Here it is, “None of the kids are stupid enough to get in the fence with one of the bulls or anything so patently dangerous. And all the other stupid stuff they will do (touching the electric fence) will only make them a bit smarter.”

Trust me, the electric fence hurts.

Of course, being so unsupervised did involve other risks…

My brother Nate and cousin Dustin were approximately the same age with an equal bend toward mischief. Grandma knew this but allowed them free reign because…well…the Rule of Stupid applies even to the ornery.

One day, Nate and Dustin wandered by one of the most important structures on the farm…Grandpa’s outhouse.

No one went in Grandpa’s outhouse. There was no rule against it but why would you sit on the worn wooden hole (spiders?!) when the indoor bathroom was only a short run away?

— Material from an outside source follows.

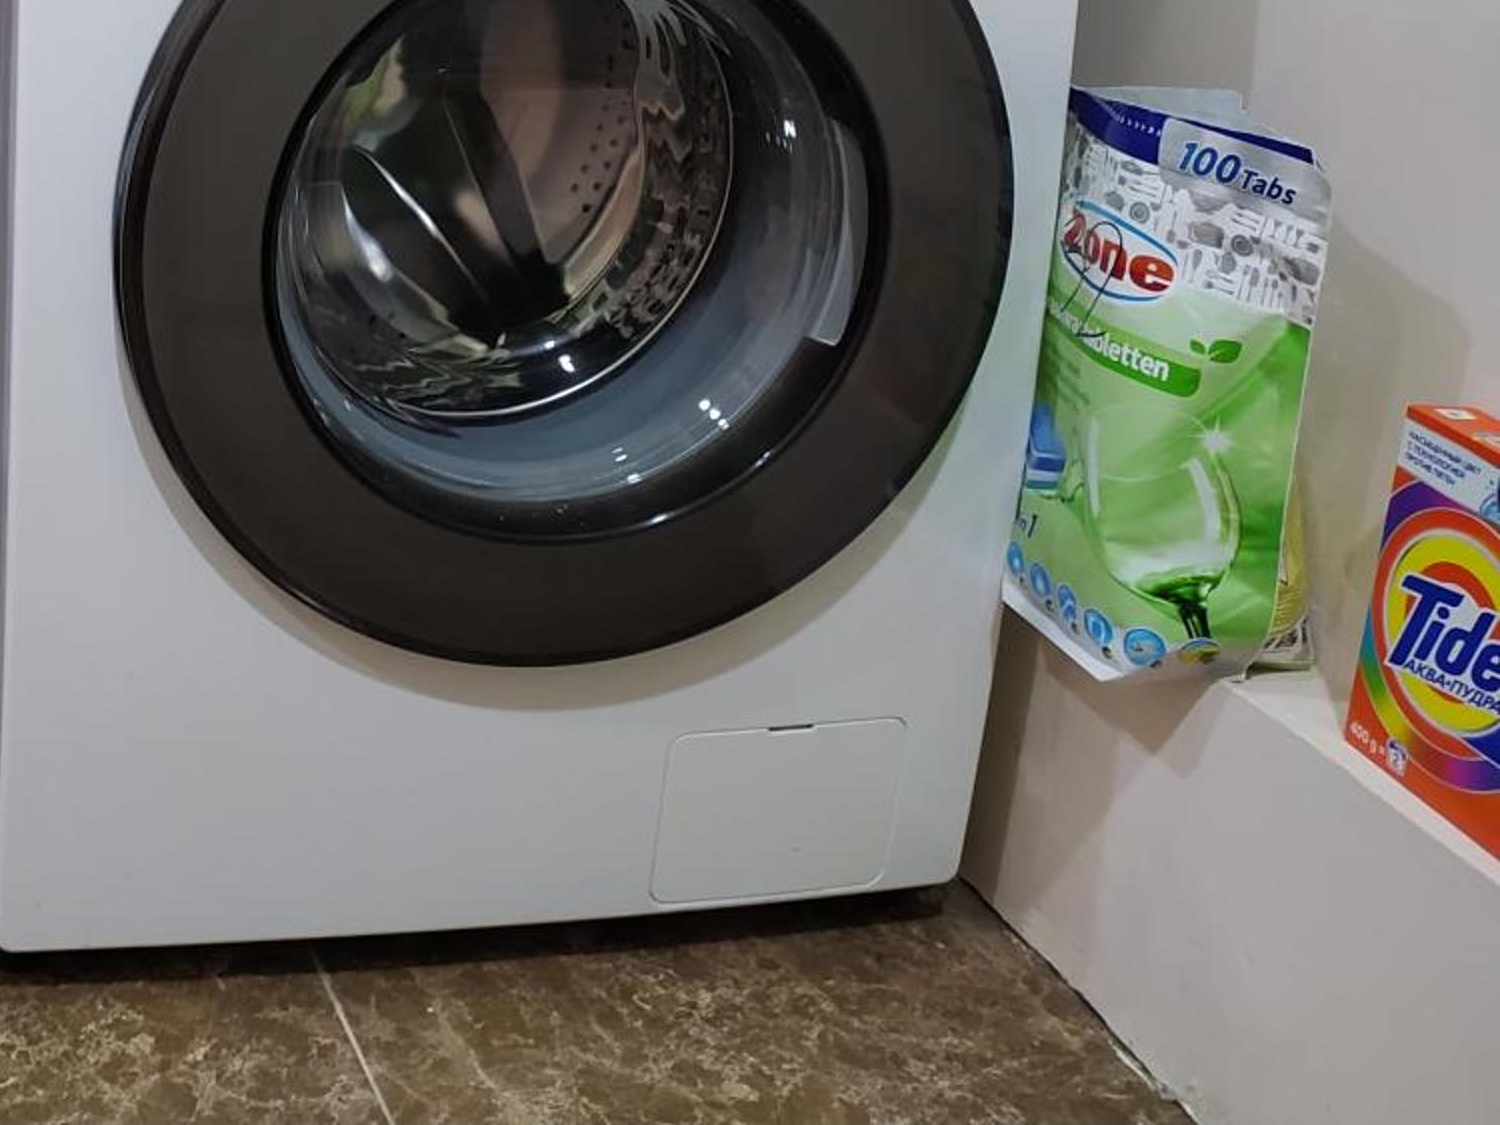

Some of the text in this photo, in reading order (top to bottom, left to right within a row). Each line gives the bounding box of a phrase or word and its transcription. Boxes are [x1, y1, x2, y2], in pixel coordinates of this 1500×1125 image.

The narrow wooden walls stood resolutely near Grandpa’s tool shed waiting patently for its one and only master.

Dustin stopped walking and grabbed Nate’s arm. “Hey Nate, you know what would be funny?”

“No, what?”

Suppressing a giggle, Dustin pointed toward the outhouse. “Grandpa keeps his toilet paper in a plastic ice cream pail. Let’s take it and throw it into the hole.”

Short pause. “Yea! That would be funny!”

Our grandfather’s body consists of whole wheat, tanned leather, denim, and barbed wire…but mostly barbed wire. A few hours later, he burst into the home and came right for Nate and Dustin (who should have been half way to Nebraska by that point but were instead watching TV as if they had done nothing wrong).

“YOU BOYS ARE GOING TO GET OUT THERE AND START PITCHING SOME @#$@!”

I didn’t understand what was funny about throwing our grandfather’s toilet paper down the outhouse hole and I suppose I never will. But watching my brother and cousin pitch $#%^…now that was amusing.